1 Gold equivalent = oz Au + (oz Ag ÷ 79.07)
As stated in the technical report, there is the potential to lower DeLamar Project capital costs by foregoing mill processing and instead operate a heap-leach only project. In this scenario, a high percentage of the current heap-leach Mineral Reserves would be processed at the 35,000 metric tonne per day rate envisioned in the PFS. LOM capital expenditures would decrease significantly as expansion capital, such as non-oxide plant and tailing facilities, would not be required. A decision to construct and initiate mill processing (Stage 2) could be exercised at any time, providing the flexibility to respond to changing market conditions and thereby reduce project risk. A heap-leach only approach could reduce risk and provide greater flexibility to respond to the prevailing economic environment in connection with a decision to pursue a milling scenario later.
Further, the technical report highlights various other opportunities to improve process recoveries and/or decrease process costs through continued metallurgical testing include:
- Evaluation of run-of-mine leaching for lower grade oxide materials.
- Further optimization of the planned heap-leach and mill processes may improve recoveries and/or decrease reagent consumptions.
- Continued evaluation of higher-grade oxide and mixed material types (particularly for silver) for processing by grind-leach and flotation with concentrate regrind and leach, to determine if any of these materials are better processed by milling.
- Ongoing optimization of the geo-metallurgical model for further optimization of ore routing to improve recoveries.

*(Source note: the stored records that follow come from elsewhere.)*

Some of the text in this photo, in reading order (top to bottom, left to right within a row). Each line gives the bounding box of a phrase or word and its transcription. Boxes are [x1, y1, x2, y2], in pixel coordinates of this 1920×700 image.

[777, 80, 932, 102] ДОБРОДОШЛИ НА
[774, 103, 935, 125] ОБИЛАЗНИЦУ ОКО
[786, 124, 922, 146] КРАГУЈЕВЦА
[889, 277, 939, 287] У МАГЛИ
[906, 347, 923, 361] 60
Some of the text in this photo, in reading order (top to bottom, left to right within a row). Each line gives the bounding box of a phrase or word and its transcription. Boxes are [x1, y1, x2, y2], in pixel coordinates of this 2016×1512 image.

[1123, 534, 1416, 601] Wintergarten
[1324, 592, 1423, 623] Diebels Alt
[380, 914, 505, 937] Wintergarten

The opportunity to add value to the DeLamar Project through the processing of the DeLamar Deposit non-oxide materials will include evaluation of the following:
- Further studies on oxidative pretreatment options such as Albion processing should be advanced with the goal of improving metals recoveries and project economics. Scoping-level Albion test results have yielded gold and silver recoveries of 80% for Sullivan Gulch and 70% respectively for Glen Silver.
- Evaluation and optimization of flotation concentrate processing.

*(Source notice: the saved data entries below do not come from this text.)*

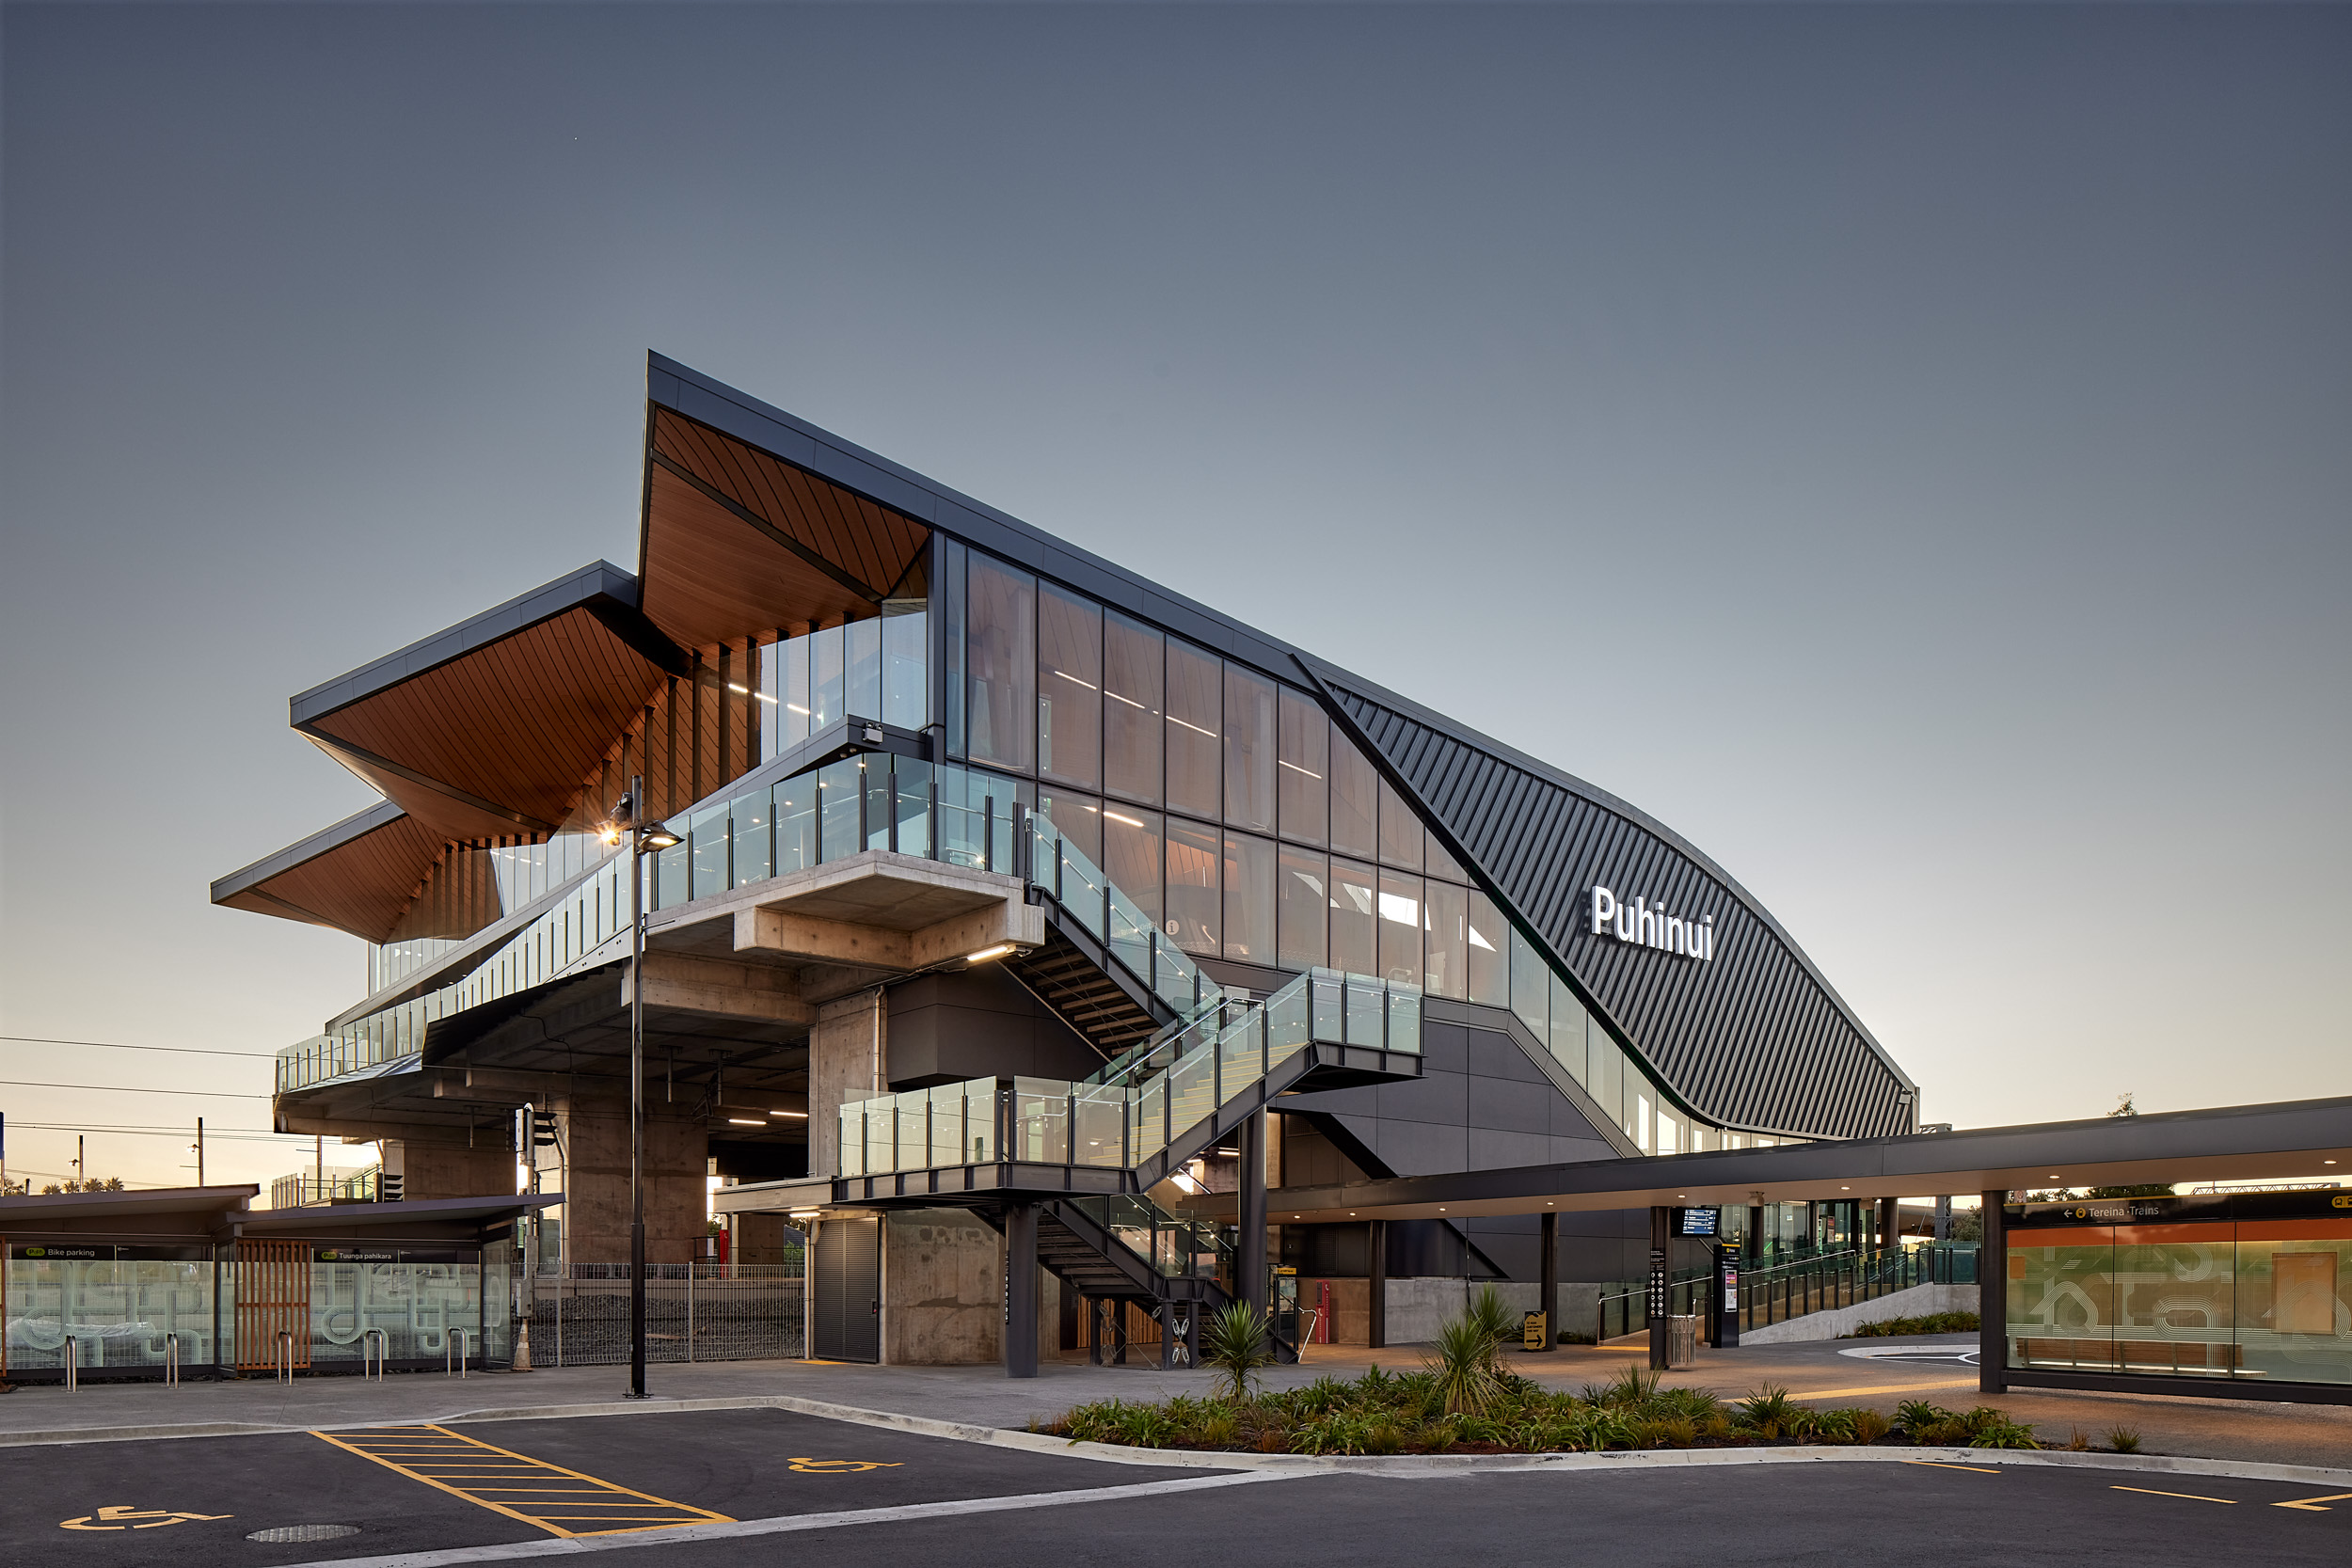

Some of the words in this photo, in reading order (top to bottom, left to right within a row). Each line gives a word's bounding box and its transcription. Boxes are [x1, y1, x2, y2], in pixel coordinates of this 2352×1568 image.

[1591, 885, 1712, 961] Puhinui
[2089, 1207, 2125, 1218] Tereina
[2129, 1205, 2159, 1216] Trains
[66, 1248, 95, 1258] parking
[339, 1252, 363, 1260] Tuunga
[364, 1252, 392, 1260] pahikara

- Further testwork to investigate high-density or paste deposition of the flotation tailing, which could lessen the footprint and risk of the associated tailings storage facility (“TSF”). Opportunities to generate power from the tailing being pumped to the TSF will also be investigated.

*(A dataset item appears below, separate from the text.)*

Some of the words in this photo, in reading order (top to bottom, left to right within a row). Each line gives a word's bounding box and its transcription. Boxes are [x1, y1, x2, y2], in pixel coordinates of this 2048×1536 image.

There is also an opportunity, through the evaluation of the historical waste dumps and backfill, for these materials to be processed using similar systems outlined in this PFS. The previous operator of the property, Kinross Gold Corporation (“Kinross”), halted production and began reclamation efforts at very low gold and silver prices as compared to current prices. As seen at many operations, these materials may be economic today.
The technical report was prepared under the supervision of Thomas L. Dyer, P.E. and Senior Engineer for MDA, Michael M. Gustin, C.P.G. and Senior Geologist for MDA, Steven I. Weiss, C.P.G. and Senior Associate Geologist for MDA, Jack McPartland , Registered Member MMSA., Senior Metallurgist with McClelland Laboratories, Inc., John Welsh, P.E., of Welsh Hagen in Reno, Nevada, Matthew Sletten, P.E. and Benjamin Bermudez, P.E. of M3 Engineering in Tucson, Arizona, Art Ibrado, P.E., of Fort Lowell Consulting in Tucson, Arizona, Jay Nopola, P.E, of RESPEC in Rapid City, South Dakota, Michael Botz, P.E., of Elbow Creek Engineering in Billings, Montana, and John F. Gardner, P.E. of Warm Springs Consulting in Boise, Idaho, in accordance with the disclosure and reporting requirements set forth in NI 43-101. Mr. Gustin, Mr. Weiss, Mr. Dyer, Mr. McPartland, Mr. Welsh, Mr. Sletten, Mr. Bermudez, Mr. Ibrado, Mr. Botz, Mr. Nopola, and Mr. Gardner are qualified persons under NI 43-101 and have no affiliation with Integra, their subsidiaries, or Kinross except that of independent consultant/client relationships.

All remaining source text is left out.